▼

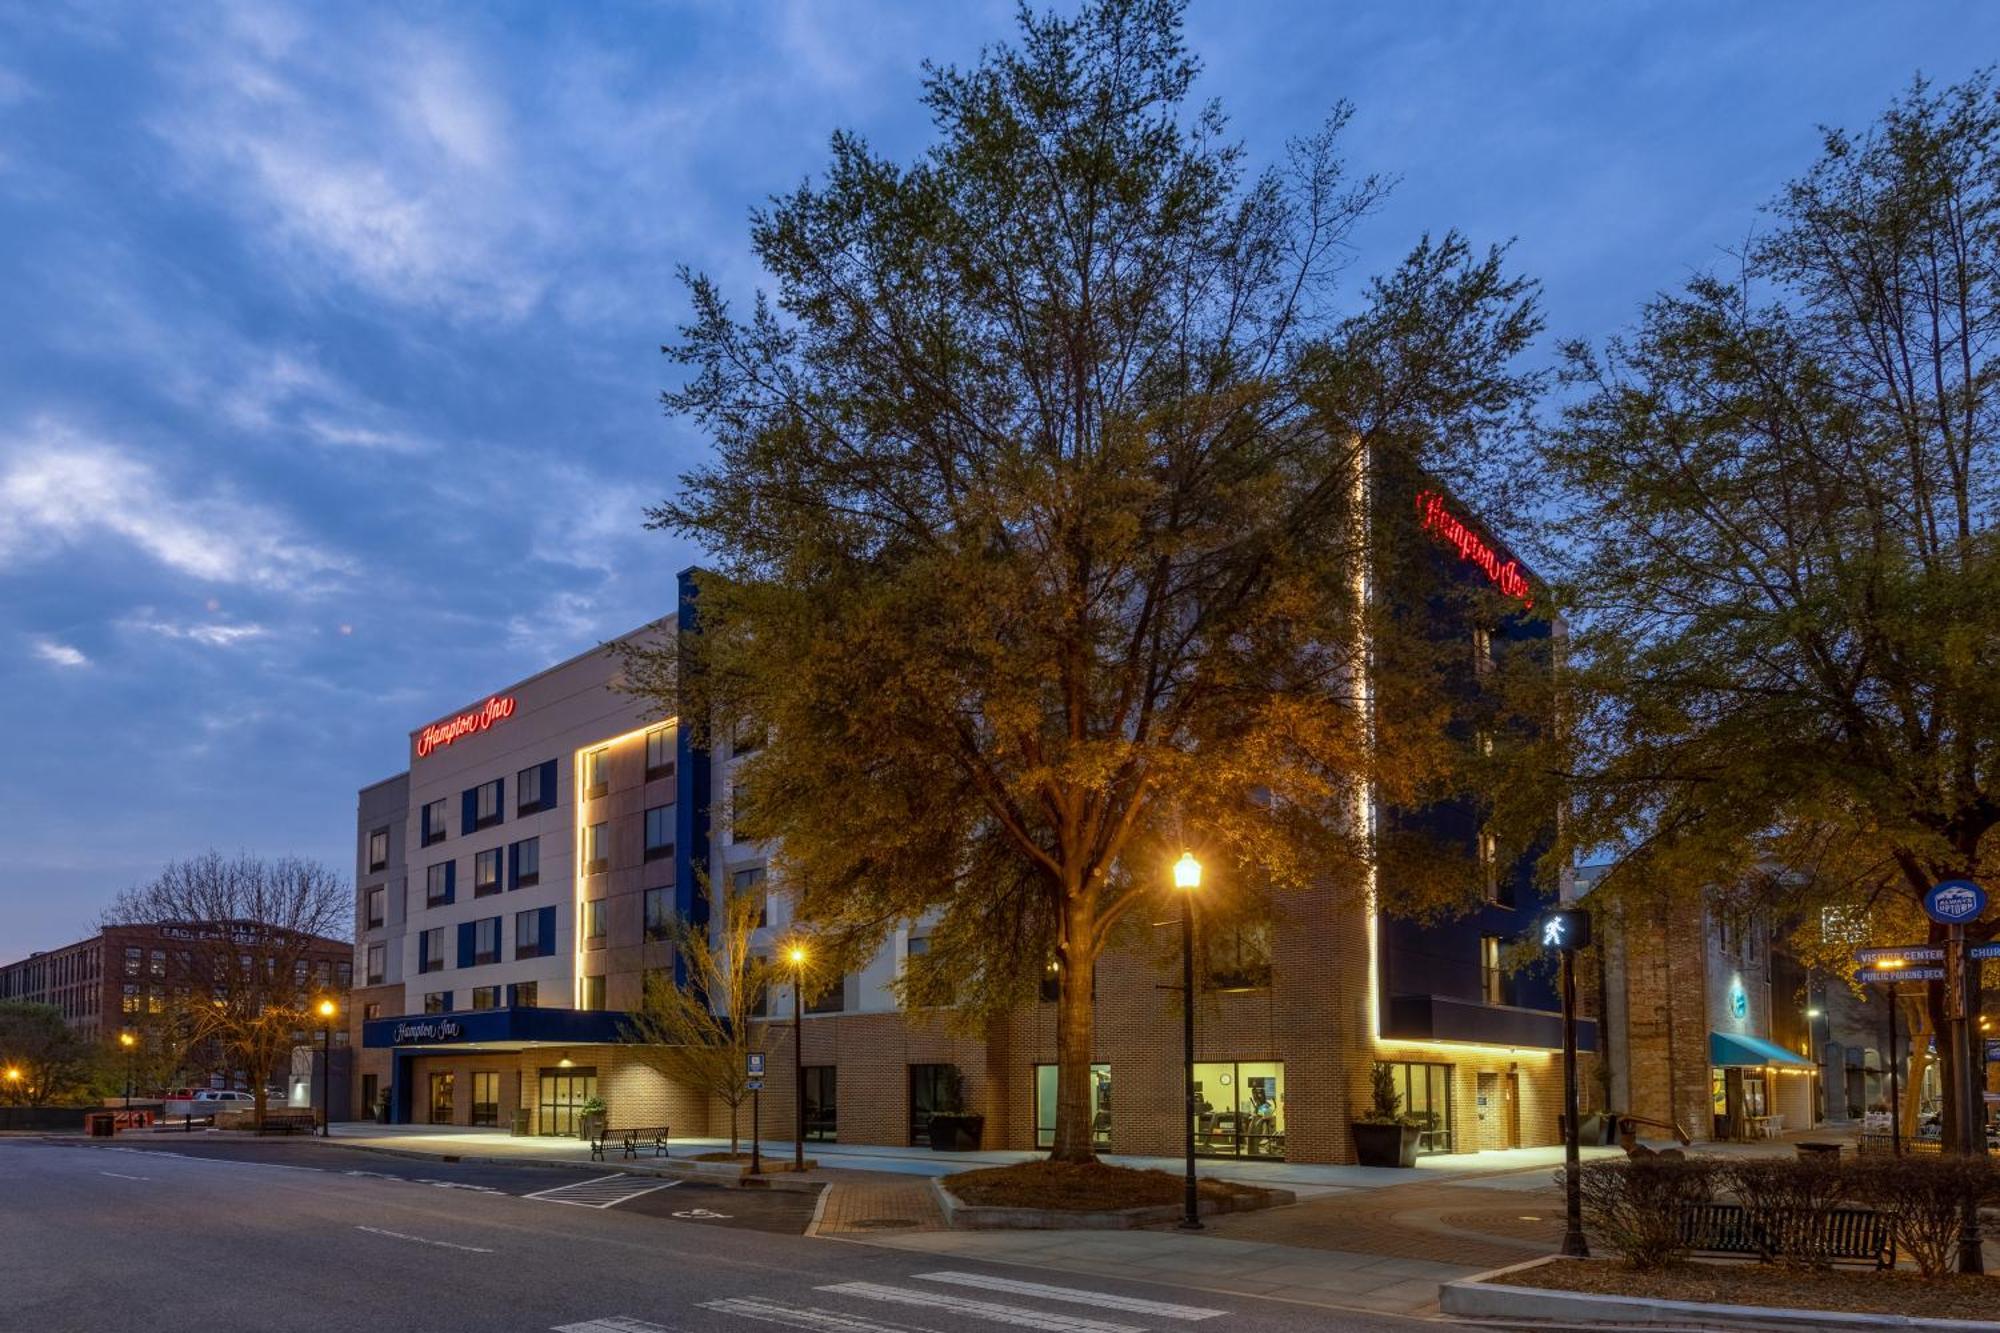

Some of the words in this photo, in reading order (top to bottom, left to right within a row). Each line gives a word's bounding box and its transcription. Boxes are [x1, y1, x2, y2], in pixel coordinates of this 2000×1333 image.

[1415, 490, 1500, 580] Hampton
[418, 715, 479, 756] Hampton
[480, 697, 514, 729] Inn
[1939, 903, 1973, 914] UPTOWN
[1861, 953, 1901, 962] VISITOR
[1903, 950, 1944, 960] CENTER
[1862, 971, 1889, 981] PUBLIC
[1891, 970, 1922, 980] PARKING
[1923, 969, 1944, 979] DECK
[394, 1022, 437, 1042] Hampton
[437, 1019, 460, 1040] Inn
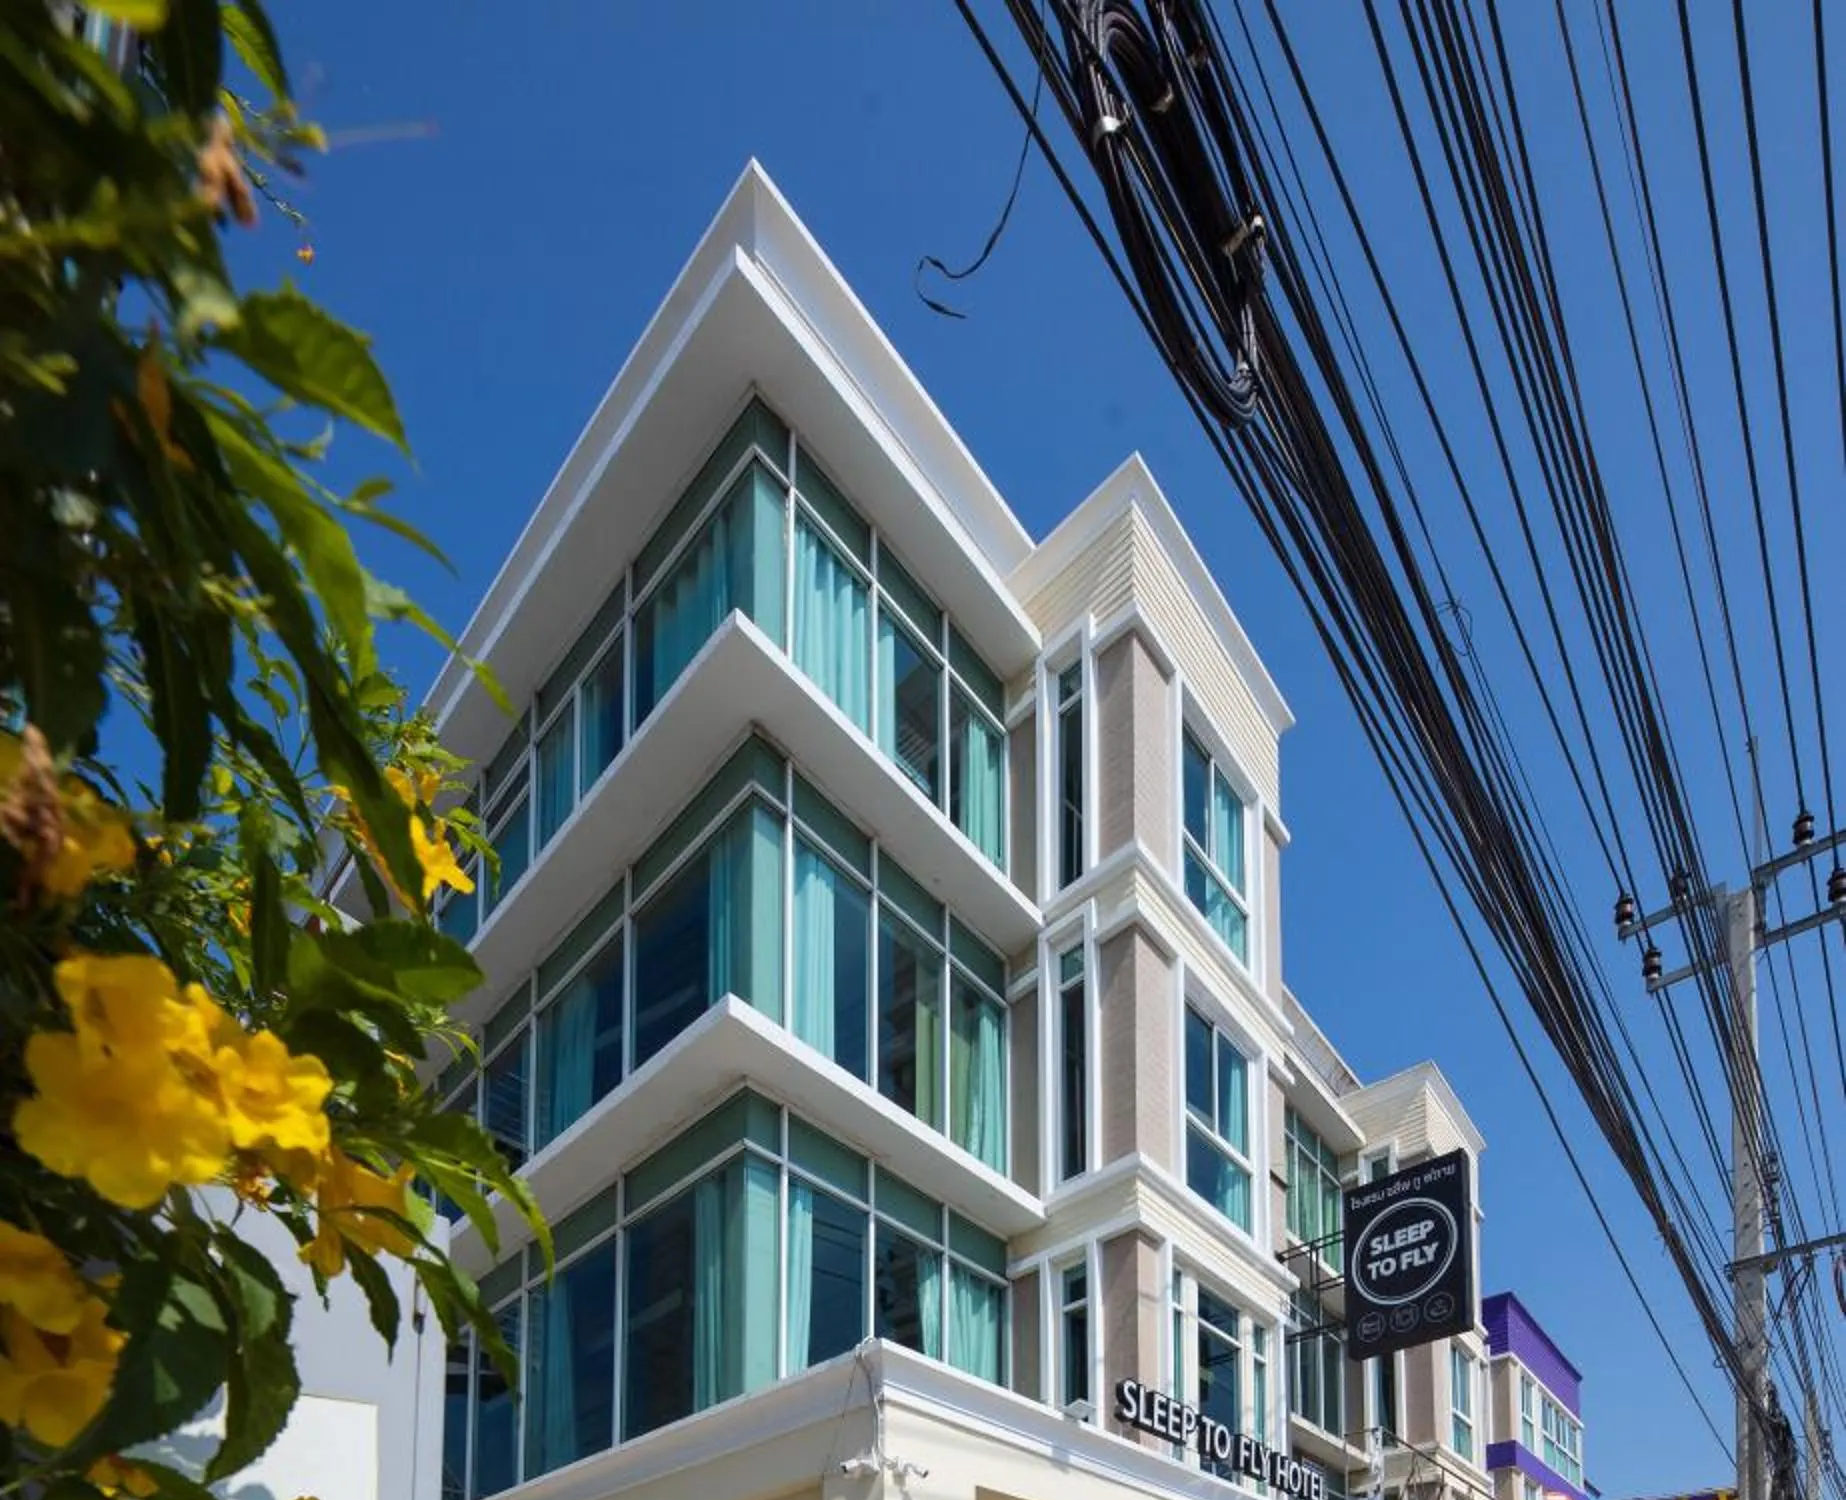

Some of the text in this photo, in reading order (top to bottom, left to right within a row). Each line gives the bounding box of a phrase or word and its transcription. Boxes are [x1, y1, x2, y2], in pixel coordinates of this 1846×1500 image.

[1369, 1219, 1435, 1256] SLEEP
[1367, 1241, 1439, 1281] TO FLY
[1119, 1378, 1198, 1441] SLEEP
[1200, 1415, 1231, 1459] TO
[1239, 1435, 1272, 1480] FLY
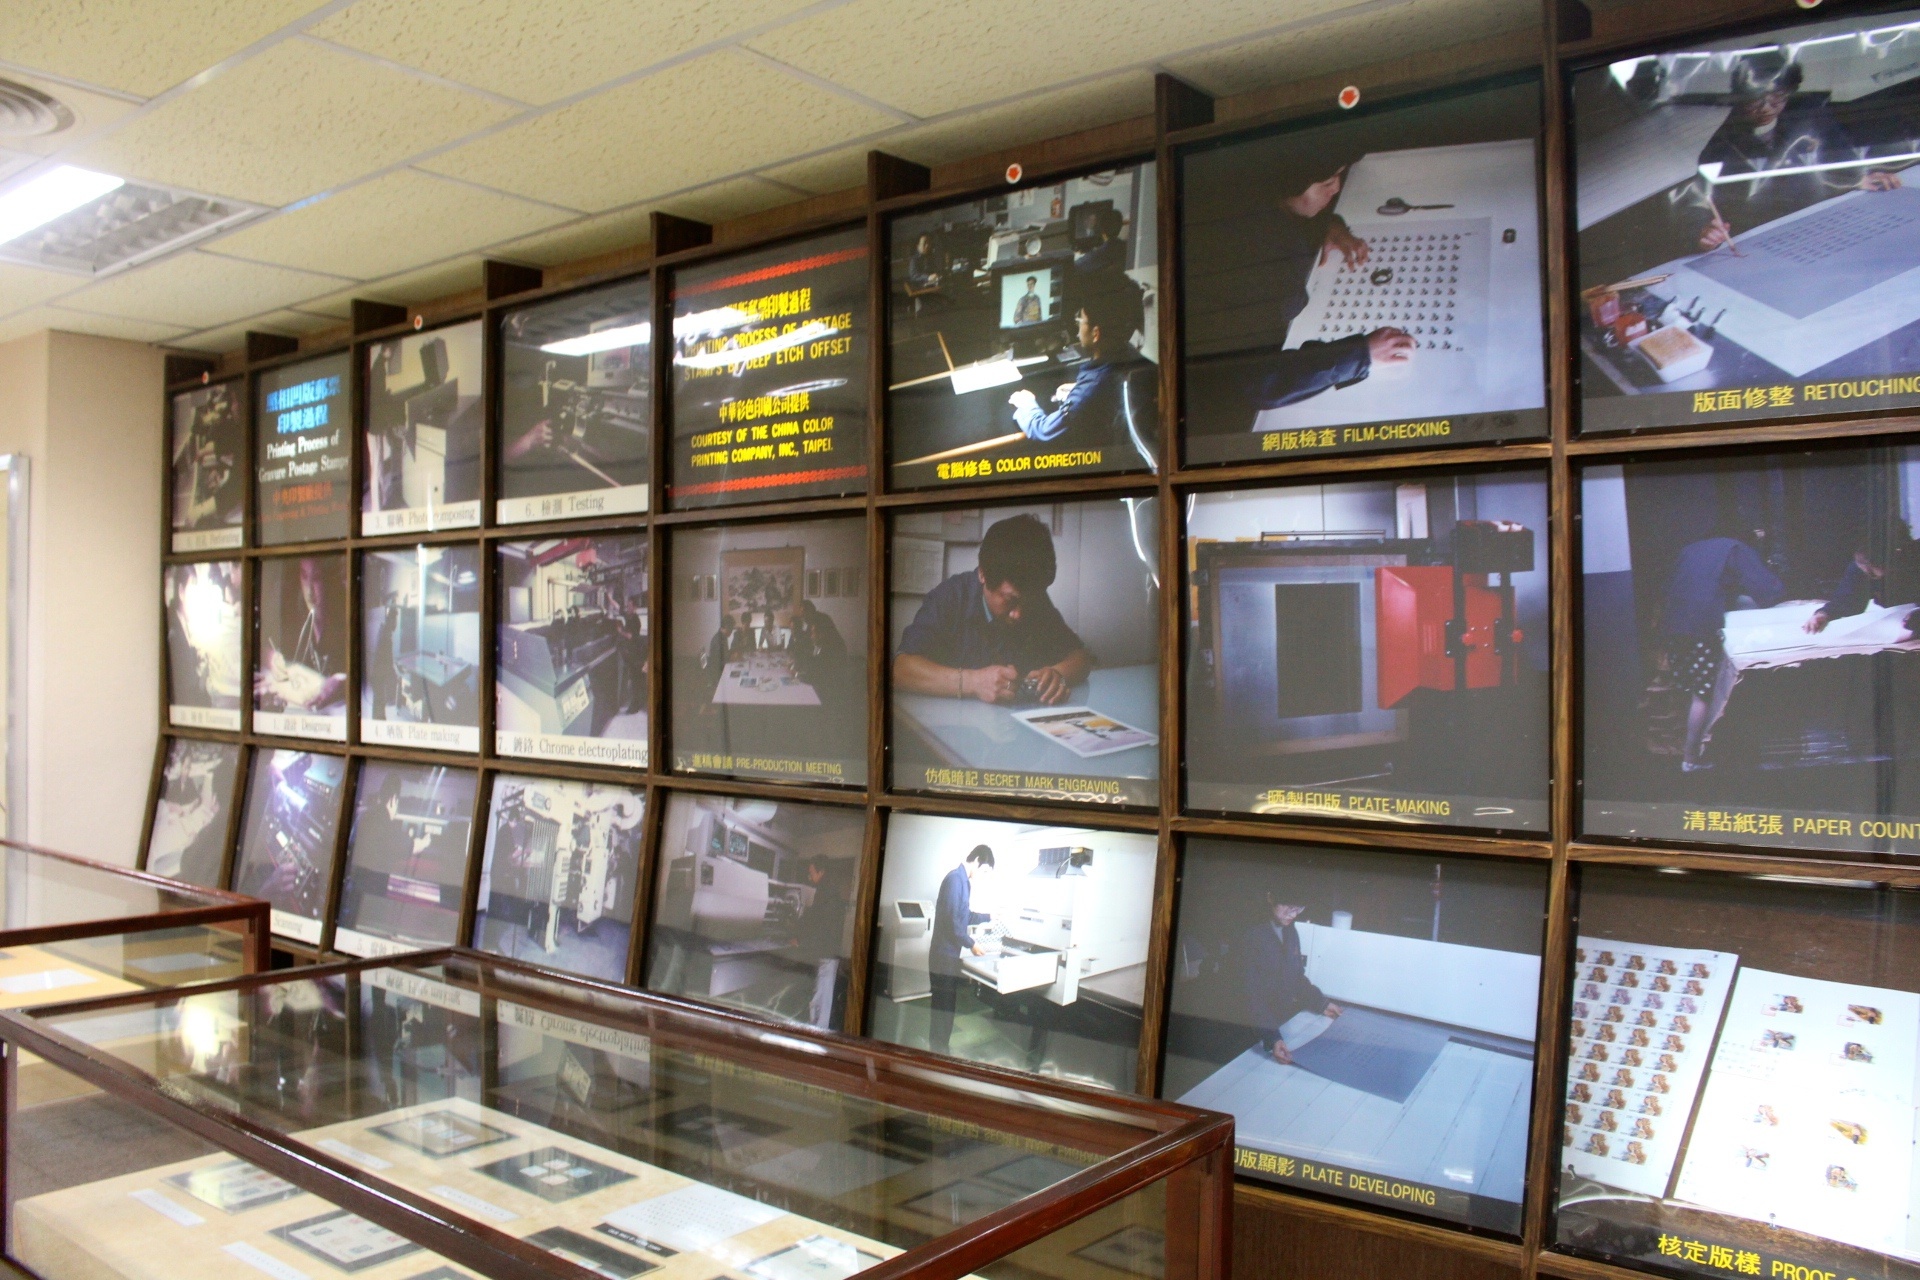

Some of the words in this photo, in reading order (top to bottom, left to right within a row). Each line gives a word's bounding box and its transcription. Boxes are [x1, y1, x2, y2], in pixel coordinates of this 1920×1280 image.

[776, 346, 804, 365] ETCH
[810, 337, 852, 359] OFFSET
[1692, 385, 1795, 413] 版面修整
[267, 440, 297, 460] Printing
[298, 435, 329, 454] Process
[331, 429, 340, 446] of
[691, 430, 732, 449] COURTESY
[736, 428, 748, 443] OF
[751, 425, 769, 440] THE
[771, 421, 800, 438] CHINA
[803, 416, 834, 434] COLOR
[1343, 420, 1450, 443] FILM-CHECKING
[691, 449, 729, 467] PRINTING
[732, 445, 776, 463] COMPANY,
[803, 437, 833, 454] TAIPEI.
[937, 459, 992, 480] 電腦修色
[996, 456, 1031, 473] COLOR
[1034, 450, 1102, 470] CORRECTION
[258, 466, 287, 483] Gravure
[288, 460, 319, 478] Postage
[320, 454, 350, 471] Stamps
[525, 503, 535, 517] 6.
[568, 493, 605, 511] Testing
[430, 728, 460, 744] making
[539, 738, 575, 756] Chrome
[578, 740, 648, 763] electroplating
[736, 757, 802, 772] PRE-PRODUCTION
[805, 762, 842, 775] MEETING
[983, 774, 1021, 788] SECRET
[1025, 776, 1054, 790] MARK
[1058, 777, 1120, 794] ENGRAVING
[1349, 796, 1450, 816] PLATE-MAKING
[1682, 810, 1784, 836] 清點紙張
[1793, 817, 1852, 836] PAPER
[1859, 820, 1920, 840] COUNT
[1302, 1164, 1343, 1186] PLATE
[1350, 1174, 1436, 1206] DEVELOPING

▲

Task requirements:
Please return all of the material above exactly, minus any pictures.

Task output:
Some of the words in this photo, in reading order (top to bottom, left to right within a row). Each line gives a word's bounding box and its transcription. Boxes are [x1, y1, x2, y2], in pixel coordinates of this 2000×1333 image.

[1415, 490, 1500, 580] Hampton
[418, 715, 479, 756] Hampton
[480, 697, 514, 729] Inn
[1939, 903, 1973, 914] UPTOWN
[1861, 953, 1901, 962] VISITOR
[1903, 950, 1944, 960] CENTER
[1862, 971, 1889, 981] PUBLIC
[1891, 970, 1922, 980] PARKING
[1923, 969, 1944, 979] DECK
[394, 1022, 437, 1042] Hampton
[437, 1019, 460, 1040] Inn

Some of the text in this photo, in reading order (top to bottom, left to right within a row). Each line gives the bounding box of a phrase or word and its transcription. Boxes are [x1, y1, x2, y2], in pixel coordinates of this 1846×1500 image.

[1369, 1219, 1435, 1256] SLEEP
[1367, 1241, 1439, 1281] TO FLY
[1119, 1378, 1198, 1441] SLEEP
[1200, 1415, 1231, 1459] TO
[1239, 1435, 1272, 1480] FLY

Some of the words in this photo, in reading order (top to bottom, left to right within a row). Each line gives a word's bounding box and its transcription. Boxes are [x1, y1, x2, y2], in pixel coordinates of this 1920×1280 image.

[776, 346, 804, 365] ETCH
[810, 337, 852, 359] OFFSET
[1692, 385, 1795, 413] 版面修整
[267, 440, 297, 460] Printing
[298, 435, 329, 454] Process
[331, 429, 340, 446] of
[691, 430, 732, 449] COURTESY
[736, 428, 748, 443] OF
[751, 425, 769, 440] THE
[771, 421, 800, 438] CHINA
[803, 416, 834, 434] COLOR
[1343, 420, 1450, 443] FILM-CHECKING
[691, 449, 729, 467] PRINTING
[732, 445, 776, 463] COMPANY,
[803, 437, 833, 454] TAIPEI.
[937, 459, 992, 480] 電腦修色
[996, 456, 1031, 473] COLOR
[1034, 450, 1102, 470] CORRECTION
[258, 466, 287, 483] Gravure
[288, 460, 319, 478] Postage
[320, 454, 350, 471] Stamps
[525, 503, 535, 517] 6.
[568, 493, 605, 511] Testing
[430, 728, 460, 744] making
[539, 738, 575, 756] Chrome
[578, 740, 648, 763] electroplating
[736, 757, 802, 772] PRE-PRODUCTION
[805, 762, 842, 775] MEETING
[983, 774, 1021, 788] SECRET
[1025, 776, 1054, 790] MARK
[1058, 777, 1120, 794] ENGRAVING
[1349, 796, 1450, 816] PLATE-MAKING
[1682, 810, 1784, 836] 清點紙張
[1793, 817, 1852, 836] PAPER
[1859, 820, 1920, 840] COUNT
[1302, 1164, 1343, 1186] PLATE
[1350, 1174, 1436, 1206] DEVELOPING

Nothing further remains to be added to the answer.